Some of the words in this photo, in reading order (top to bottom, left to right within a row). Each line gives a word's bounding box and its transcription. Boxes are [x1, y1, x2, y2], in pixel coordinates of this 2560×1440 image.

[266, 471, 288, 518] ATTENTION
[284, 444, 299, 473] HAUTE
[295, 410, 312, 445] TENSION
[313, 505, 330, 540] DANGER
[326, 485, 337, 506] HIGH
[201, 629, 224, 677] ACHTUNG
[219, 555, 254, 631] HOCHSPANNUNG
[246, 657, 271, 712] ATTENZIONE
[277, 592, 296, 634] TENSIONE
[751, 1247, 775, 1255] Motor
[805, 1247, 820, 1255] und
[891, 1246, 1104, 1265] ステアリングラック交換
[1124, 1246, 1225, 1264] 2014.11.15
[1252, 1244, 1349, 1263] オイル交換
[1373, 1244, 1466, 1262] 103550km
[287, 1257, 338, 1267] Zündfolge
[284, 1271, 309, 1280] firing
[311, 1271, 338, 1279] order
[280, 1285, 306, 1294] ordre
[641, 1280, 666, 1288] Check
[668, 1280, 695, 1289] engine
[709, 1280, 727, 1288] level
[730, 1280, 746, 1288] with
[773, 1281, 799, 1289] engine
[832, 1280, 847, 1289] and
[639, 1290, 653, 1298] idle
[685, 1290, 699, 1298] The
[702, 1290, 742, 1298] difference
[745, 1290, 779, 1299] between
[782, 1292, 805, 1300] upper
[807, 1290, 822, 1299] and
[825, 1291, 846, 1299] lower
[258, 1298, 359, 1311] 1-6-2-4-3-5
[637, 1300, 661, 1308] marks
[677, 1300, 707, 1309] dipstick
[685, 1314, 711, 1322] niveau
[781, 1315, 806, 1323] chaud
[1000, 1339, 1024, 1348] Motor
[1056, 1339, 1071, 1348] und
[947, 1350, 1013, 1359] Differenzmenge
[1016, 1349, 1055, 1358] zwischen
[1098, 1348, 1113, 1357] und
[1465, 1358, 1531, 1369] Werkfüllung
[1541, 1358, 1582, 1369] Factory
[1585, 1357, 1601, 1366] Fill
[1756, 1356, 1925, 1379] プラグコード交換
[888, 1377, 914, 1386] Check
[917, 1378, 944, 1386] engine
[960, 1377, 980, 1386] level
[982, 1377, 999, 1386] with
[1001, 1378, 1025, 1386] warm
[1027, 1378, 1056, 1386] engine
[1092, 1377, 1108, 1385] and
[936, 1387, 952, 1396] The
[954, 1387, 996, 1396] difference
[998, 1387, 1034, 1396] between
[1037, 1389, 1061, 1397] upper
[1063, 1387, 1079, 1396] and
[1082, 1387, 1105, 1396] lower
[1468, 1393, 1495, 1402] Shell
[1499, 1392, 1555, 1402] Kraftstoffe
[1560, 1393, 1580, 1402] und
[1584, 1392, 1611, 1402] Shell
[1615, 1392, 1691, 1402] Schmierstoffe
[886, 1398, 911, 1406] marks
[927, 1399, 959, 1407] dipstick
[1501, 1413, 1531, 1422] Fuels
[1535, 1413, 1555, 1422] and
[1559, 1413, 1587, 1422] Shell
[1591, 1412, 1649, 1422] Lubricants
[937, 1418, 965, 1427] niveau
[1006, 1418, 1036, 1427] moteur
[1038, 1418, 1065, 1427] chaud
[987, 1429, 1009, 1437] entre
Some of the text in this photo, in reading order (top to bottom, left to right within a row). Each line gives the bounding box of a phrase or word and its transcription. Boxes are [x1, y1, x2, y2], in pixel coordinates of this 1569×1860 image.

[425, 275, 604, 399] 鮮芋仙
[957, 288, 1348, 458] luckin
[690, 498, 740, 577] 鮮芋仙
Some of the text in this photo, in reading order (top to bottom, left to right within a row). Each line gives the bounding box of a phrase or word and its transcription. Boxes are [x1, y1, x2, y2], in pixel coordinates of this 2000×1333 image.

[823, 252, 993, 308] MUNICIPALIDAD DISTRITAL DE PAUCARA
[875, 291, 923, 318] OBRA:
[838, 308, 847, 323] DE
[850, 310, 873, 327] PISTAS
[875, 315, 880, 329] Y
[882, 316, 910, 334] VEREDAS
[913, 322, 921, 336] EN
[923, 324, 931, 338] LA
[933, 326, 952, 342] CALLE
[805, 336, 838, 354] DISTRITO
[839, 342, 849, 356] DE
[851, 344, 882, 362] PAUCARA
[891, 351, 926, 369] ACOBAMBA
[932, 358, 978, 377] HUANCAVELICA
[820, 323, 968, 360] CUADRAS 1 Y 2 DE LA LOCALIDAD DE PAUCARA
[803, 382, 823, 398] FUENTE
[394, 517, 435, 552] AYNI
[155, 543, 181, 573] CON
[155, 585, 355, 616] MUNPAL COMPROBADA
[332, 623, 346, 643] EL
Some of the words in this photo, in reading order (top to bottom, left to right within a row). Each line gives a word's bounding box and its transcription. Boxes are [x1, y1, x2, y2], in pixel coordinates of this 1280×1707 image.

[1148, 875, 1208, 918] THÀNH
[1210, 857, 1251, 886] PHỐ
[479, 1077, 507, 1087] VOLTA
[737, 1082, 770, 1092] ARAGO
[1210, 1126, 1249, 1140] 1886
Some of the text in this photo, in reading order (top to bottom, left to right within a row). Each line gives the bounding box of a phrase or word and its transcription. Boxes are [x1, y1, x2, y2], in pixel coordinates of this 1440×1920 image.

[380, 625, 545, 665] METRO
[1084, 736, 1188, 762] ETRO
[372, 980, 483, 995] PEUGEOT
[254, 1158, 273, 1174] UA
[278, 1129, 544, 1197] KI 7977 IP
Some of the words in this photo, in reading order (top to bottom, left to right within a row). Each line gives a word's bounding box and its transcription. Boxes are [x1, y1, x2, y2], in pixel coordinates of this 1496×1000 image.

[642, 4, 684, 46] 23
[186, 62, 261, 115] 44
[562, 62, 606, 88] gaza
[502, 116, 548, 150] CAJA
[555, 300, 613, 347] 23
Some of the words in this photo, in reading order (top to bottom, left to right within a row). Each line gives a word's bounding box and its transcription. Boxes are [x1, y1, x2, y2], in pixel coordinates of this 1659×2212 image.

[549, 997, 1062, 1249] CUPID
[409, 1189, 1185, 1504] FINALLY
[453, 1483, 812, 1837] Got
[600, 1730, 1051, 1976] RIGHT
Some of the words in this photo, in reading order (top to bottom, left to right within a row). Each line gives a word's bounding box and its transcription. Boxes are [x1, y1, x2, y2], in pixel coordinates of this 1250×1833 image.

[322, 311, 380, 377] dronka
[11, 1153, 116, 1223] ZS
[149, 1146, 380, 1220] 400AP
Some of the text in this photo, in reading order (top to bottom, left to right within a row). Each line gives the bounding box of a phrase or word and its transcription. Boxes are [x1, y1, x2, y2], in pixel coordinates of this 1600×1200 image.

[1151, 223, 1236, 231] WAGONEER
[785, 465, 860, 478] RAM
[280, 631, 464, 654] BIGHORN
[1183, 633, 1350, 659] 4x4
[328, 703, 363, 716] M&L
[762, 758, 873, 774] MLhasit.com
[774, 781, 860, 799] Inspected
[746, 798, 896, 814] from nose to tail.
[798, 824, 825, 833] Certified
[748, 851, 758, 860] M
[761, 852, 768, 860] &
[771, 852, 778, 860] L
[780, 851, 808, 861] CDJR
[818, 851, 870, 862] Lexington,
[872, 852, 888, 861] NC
· · · · · · ·
● Task details
Go through the records and print each one exactly.

● Reply
Some of the words in this photo, in reading order (top to bottom, left to right within a row). Each line gives a word's bounding box and its transcription. Boxes are [x1, y1, x2, y2], in pixel coordinates of this 2560×1440 image.

[266, 471, 288, 518] ATTENTION
[284, 444, 299, 473] HAUTE
[295, 410, 312, 445] TENSION
[313, 505, 330, 540] DANGER
[326, 485, 337, 506] HIGH
[201, 629, 224, 677] ACHTUNG
[219, 555, 254, 631] HOCHSPANNUNG
[246, 657, 271, 712] ATTENZIONE
[277, 592, 296, 634] TENSIONE
[751, 1247, 775, 1255] Motor
[805, 1247, 820, 1255] und
[891, 1246, 1104, 1265] ステアリングラック交換
[1124, 1246, 1225, 1264] 2014.11.15
[1252, 1244, 1349, 1263] オイル交換
[1373, 1244, 1466, 1262] 103550km
[287, 1257, 338, 1267] Zündfolge
[284, 1271, 309, 1280] firing
[311, 1271, 338, 1279] order
[280, 1285, 306, 1294] ordre
[641, 1280, 666, 1288] Check
[668, 1280, 695, 1289] engine
[709, 1280, 727, 1288] level
[730, 1280, 746, 1288] with
[773, 1281, 799, 1289] engine
[832, 1280, 847, 1289] and
[639, 1290, 653, 1298] idle
[685, 1290, 699, 1298] The
[702, 1290, 742, 1298] difference
[745, 1290, 779, 1299] between
[782, 1292, 805, 1300] upper
[807, 1290, 822, 1299] and
[825, 1291, 846, 1299] lower
[258, 1298, 359, 1311] 1-6-2-4-3-5
[637, 1300, 661, 1308] marks
[677, 1300, 707, 1309] dipstick
[685, 1314, 711, 1322] niveau
[781, 1315, 806, 1323] chaud
[1000, 1339, 1024, 1348] Motor
[1056, 1339, 1071, 1348] und
[947, 1350, 1013, 1359] Differenzmenge
[1016, 1349, 1055, 1358] zwischen
[1098, 1348, 1113, 1357] und
[1465, 1358, 1531, 1369] Werkfüllung
[1541, 1358, 1582, 1369] Factory
[1585, 1357, 1601, 1366] Fill
[1756, 1356, 1925, 1379] プラグコード交換
[888, 1377, 914, 1386] Check
[917, 1378, 944, 1386] engine
[960, 1377, 980, 1386] level
[982, 1377, 999, 1386] with
[1001, 1378, 1025, 1386] warm
[1027, 1378, 1056, 1386] engine
[1092, 1377, 1108, 1385] and
[936, 1387, 952, 1396] The
[954, 1387, 996, 1396] difference
[998, 1387, 1034, 1396] between
[1037, 1389, 1061, 1397] upper
[1063, 1387, 1079, 1396] and
[1082, 1387, 1105, 1396] lower
[1468, 1393, 1495, 1402] Shell
[1499, 1392, 1555, 1402] Kraftstoffe
[1560, 1393, 1580, 1402] und
[1584, 1392, 1611, 1402] Shell
[1615, 1392, 1691, 1402] Schmierstoffe
[886, 1398, 911, 1406] marks
[927, 1399, 959, 1407] dipstick
[1501, 1413, 1531, 1422] Fuels
[1535, 1413, 1555, 1422] and
[1559, 1413, 1587, 1422] Shell
[1591, 1412, 1649, 1422] Lubricants
[937, 1418, 965, 1427] niveau
[1006, 1418, 1036, 1427] moteur
[1038, 1418, 1065, 1427] chaud
[987, 1429, 1009, 1437] entre
Some of the text in this photo, in reading order (top to bottom, left to right within a row). Each line gives the bounding box of a phrase or word and its transcription. Boxes are [x1, y1, x2, y2], in pixel coordinates of this 1569×1860 image.

[425, 275, 604, 399] 鮮芋仙
[957, 288, 1348, 458] luckin
[690, 498, 740, 577] 鮮芋仙
Some of the text in this photo, in reading order (top to bottom, left to right within a row). Each line gives the bounding box of a phrase or word and its transcription. Boxes are [x1, y1, x2, y2], in pixel coordinates of this 2000×1333 image.

[823, 252, 993, 308] MUNICIPALIDAD DISTRITAL DE PAUCARA
[875, 291, 923, 318] OBRA:
[838, 308, 847, 323] DE
[850, 310, 873, 327] PISTAS
[875, 315, 880, 329] Y
[882, 316, 910, 334] VEREDAS
[913, 322, 921, 336] EN
[923, 324, 931, 338] LA
[933, 326, 952, 342] CALLE
[805, 336, 838, 354] DISTRITO
[839, 342, 849, 356] DE
[851, 344, 882, 362] PAUCARA
[891, 351, 926, 369] ACOBAMBA
[932, 358, 978, 377] HUANCAVELICA
[820, 323, 968, 360] CUADRAS 1 Y 2 DE LA LOCALIDAD DE PAUCARA
[803, 382, 823, 398] FUENTE
[394, 517, 435, 552] AYNI
[155, 543, 181, 573] CON
[155, 585, 355, 616] MUNPAL COMPROBADA
[332, 623, 346, 643] EL
Some of the words in this photo, in reading order (top to bottom, left to right within a row). Each line gives a word's bounding box and its transcription. Boxes are [x1, y1, x2, y2], in pixel coordinates of this 1280×1707 image.

[1148, 875, 1208, 918] THÀNH
[1210, 857, 1251, 886] PHỐ
[479, 1077, 507, 1087] VOLTA
[737, 1082, 770, 1092] ARAGO
[1210, 1126, 1249, 1140] 1886
Some of the text in this photo, in reading order (top to bottom, left to right within a row). Each line gives the bounding box of a phrase or word and its transcription. Boxes are [x1, y1, x2, y2], in pixel coordinates of this 1440×1920 image.

[380, 625, 545, 665] METRO
[1084, 736, 1188, 762] ETRO
[372, 980, 483, 995] PEUGEOT
[254, 1158, 273, 1174] UA
[278, 1129, 544, 1197] KI 7977 IP
Some of the words in this photo, in reading order (top to bottom, left to right within a row). Each line gives a word's bounding box and its transcription. Boxes are [x1, y1, x2, y2], in pixel coordinates of this 1496×1000 image.

[642, 4, 684, 46] 23
[186, 62, 261, 115] 44
[562, 62, 606, 88] gaza
[502, 116, 548, 150] CAJA
[555, 300, 613, 347] 23
Some of the words in this photo, in reading order (top to bottom, left to right within a row). Each line gives a word's bounding box and its transcription. Boxes are [x1, y1, x2, y2], in pixel coordinates of this 1659×2212 image.

[549, 997, 1062, 1249] CUPID
[409, 1189, 1185, 1504] FINALLY
[453, 1483, 812, 1837] Got
[600, 1730, 1051, 1976] RIGHT
Some of the words in this photo, in reading order (top to bottom, left to right within a row). Each line gives a word's bounding box and its transcription. Boxes are [x1, y1, x2, y2], in pixel coordinates of this 1250×1833 image.

[322, 311, 380, 377] dronka
[11, 1153, 116, 1223] ZS
[149, 1146, 380, 1220] 400AP
Some of the text in this photo, in reading order (top to bottom, left to right within a row). Each line gives the bounding box of a phrase or word and its transcription. Boxes are [x1, y1, x2, y2], in pixel coordinates of this 1600×1200 image.

[1151, 223, 1236, 231] WAGONEER
[785, 465, 860, 478] RAM
[280, 631, 464, 654] BIGHORN
[1183, 633, 1350, 659] 4x4
[328, 703, 363, 716] M&L
[762, 758, 873, 774] MLhasit.com
[774, 781, 860, 799] Inspected
[746, 798, 896, 814] from nose to tail.
[798, 824, 825, 833] Certified
[748, 851, 758, 860] M
[761, 852, 768, 860] &
[771, 852, 778, 860] L
[780, 851, 808, 861] CDJR
[818, 851, 870, 862] Lexington,
[872, 852, 888, 861] NC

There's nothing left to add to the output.